Listing large folders is inherently a resource intensive process. Over time, we have improved the system's behavior with large folders and we continue to look for more improvements. However, we do not expect major changes to this aspect of the system's behavior in the near future.

Use Cases

A large folder is either intended to be browseable by the user, or is non-browseable.

There is no immediate performance problem with having a non-browseable container with many children, but there is a risk that someone will accidentally trigger a call to "getChildren" that causes system performance to degrade until the query completes. The easiest way to guard against this risk to system performance is to hash the folder contents across sub-folders. This should not impact the user experience, as the folder is not intended to be browsed so users will never see the sub-folders. If a hashing mechanism is not implemented, then steps should be taken to prevent "getChildren" from being executed.

If folder is intended to be browsed, then the information architect should think carefully about the use case.
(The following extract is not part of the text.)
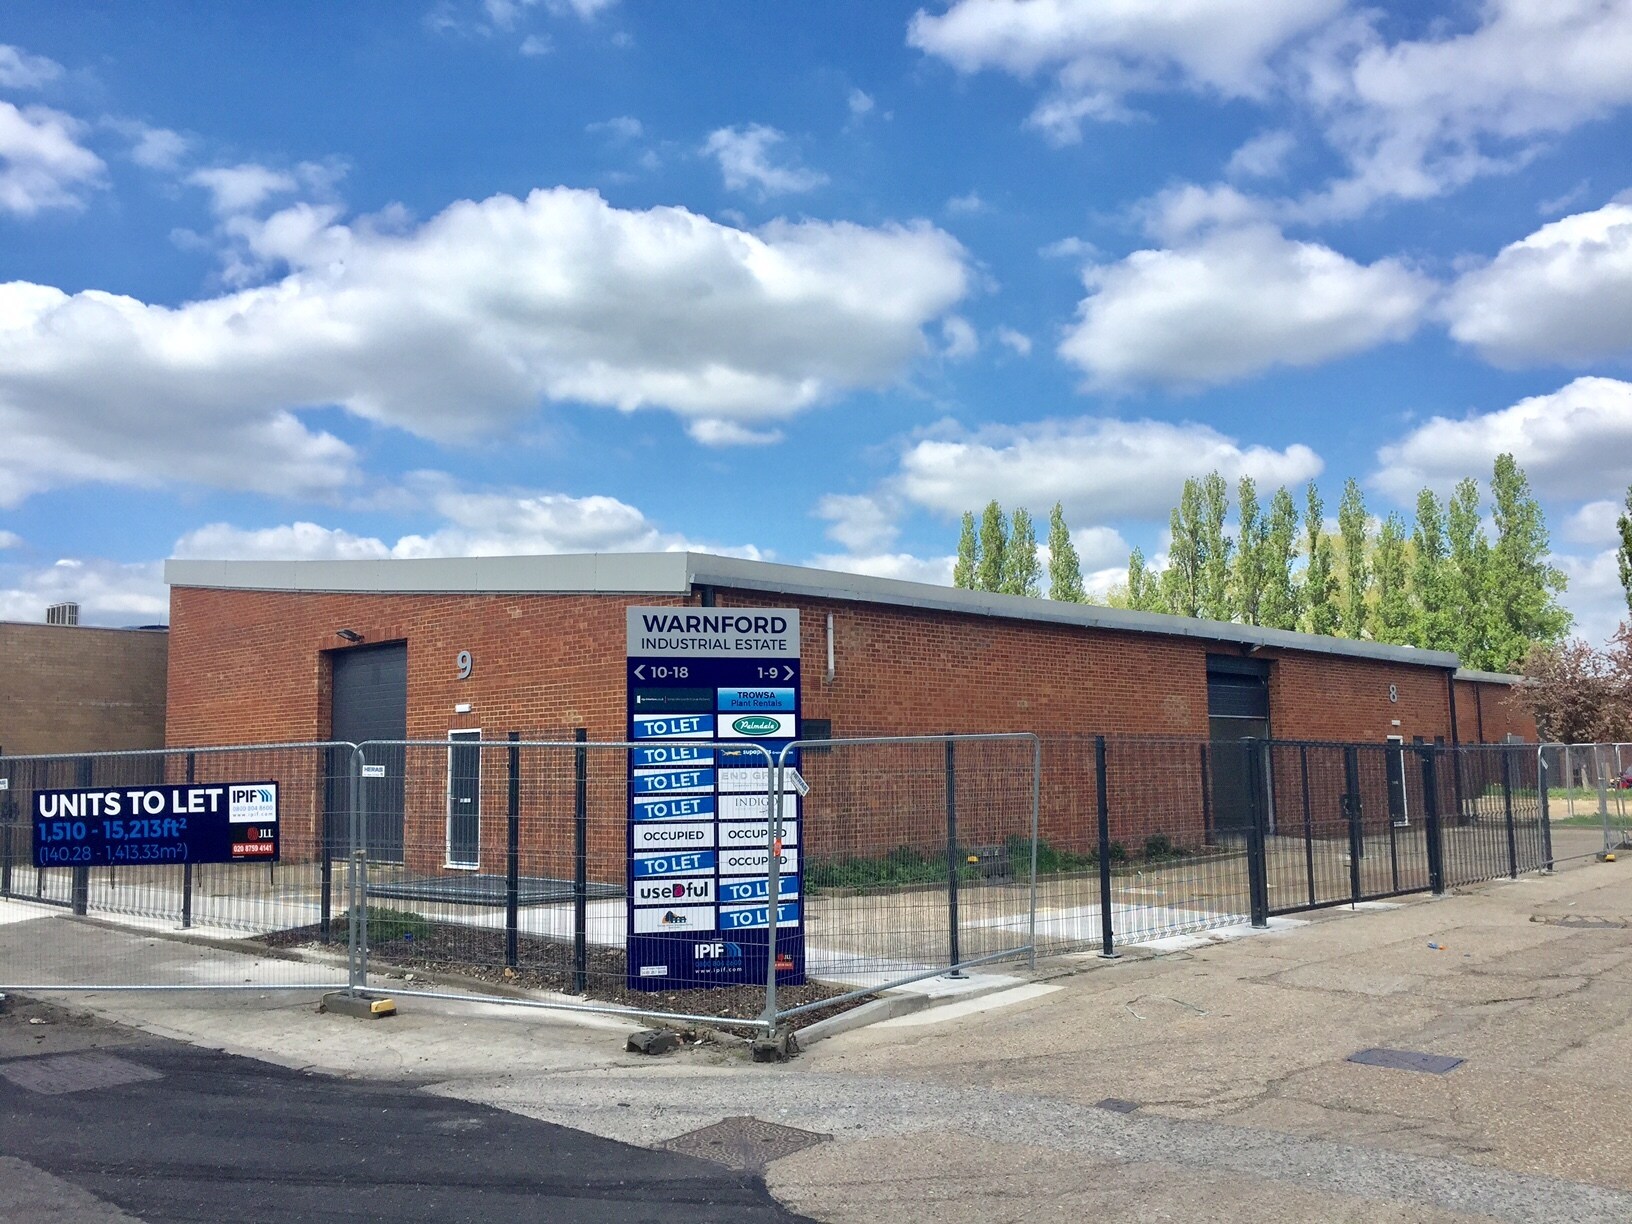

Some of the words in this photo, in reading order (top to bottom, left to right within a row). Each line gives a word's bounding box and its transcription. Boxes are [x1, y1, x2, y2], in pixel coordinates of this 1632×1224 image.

It is unlikely that a folder can be usefully browsed with tens of thousands of items, and there is likely a system of categorization that will better serve the users than having everything in the same container.

Guidelines

When folder content approaches 5,000 to 10,000 items, we recommend using a hashing mechanism to spread content through sub-folders so as to not tax the system. Adding additional folders to hash content has minimal overhead. It would not impact any of the search queries and would only cause .1% to .2% overhead in additional nodes being generated. The management of a hashed file plan can be done automatically by using content policies, rules and actions, or a scheduled job.

In addition:

Containers that have more than tens of thousands of items can be stored within the repository. Theses items can be accessed directly by their NodeRef, ObjectID, or by a qname-path. The content can be located by Search, categories, or tags.
When using the APIs (eg. CMIS or REST API) to get/list children, the results should be paged using skipCount & maxItems query parameters. For example, the client may choose to list X items at a time. If maxItems is not specified then a default paging size may be used. This is 100 items for both OpenCMIS (Apache Chemistry) and the V1 REST API "list children".
In the case of file protocols such as WebDAV and FTP, only the first 5000 items will be returned unless the system admin has increased the "system.filefolderservice.defaultListMaxResults" property.
In the rare case that getChildren must be used on a large folder, running the command as the System user will avoid expensive permission checks.
You should be cautious about browsing "User Homes" as an admin. This could be a slow operation on systems with a large number of users. It may make sense to configure a "home folder provider" to split the user home directories across a set of sub-folders.

Relevant Discussions

Optimal folder structure‌: Useful point about this being a question of information architecture.
Folder structure in Alfresco‌: See the response by mrogers _‌ and Mittal Patoliya‌.
Issues with many (10_000s) of docs / folder?‌: Suggestion to use JavaScript to segregate by YYYY/mm.
Alfresco folders structure problem with millions of documents‌: Detailed discussion of the performance impacts of large folders.
ACE-198: Issue showing that our benchmark target for listings of folders with 5K documents is 5 seconds.

Notes

Thank you to Rich McKnight for his help in collecting this information.

cristinamr · ‎21 Jul 2017

Really nice, Richard! Thanks to share it ;-)

--
VenziaIT: helping companies since 2005! Our ECM products: AQuA & Seidoc

afaust · ‎3 Aug 2017

Looking forward to the day Alfresco will heed this advice and not put archived items / version history nodes in one big, flat list...

jpotts · ‎4 Aug 2017

This is a very helpful page, Richard, thanks for putting it together.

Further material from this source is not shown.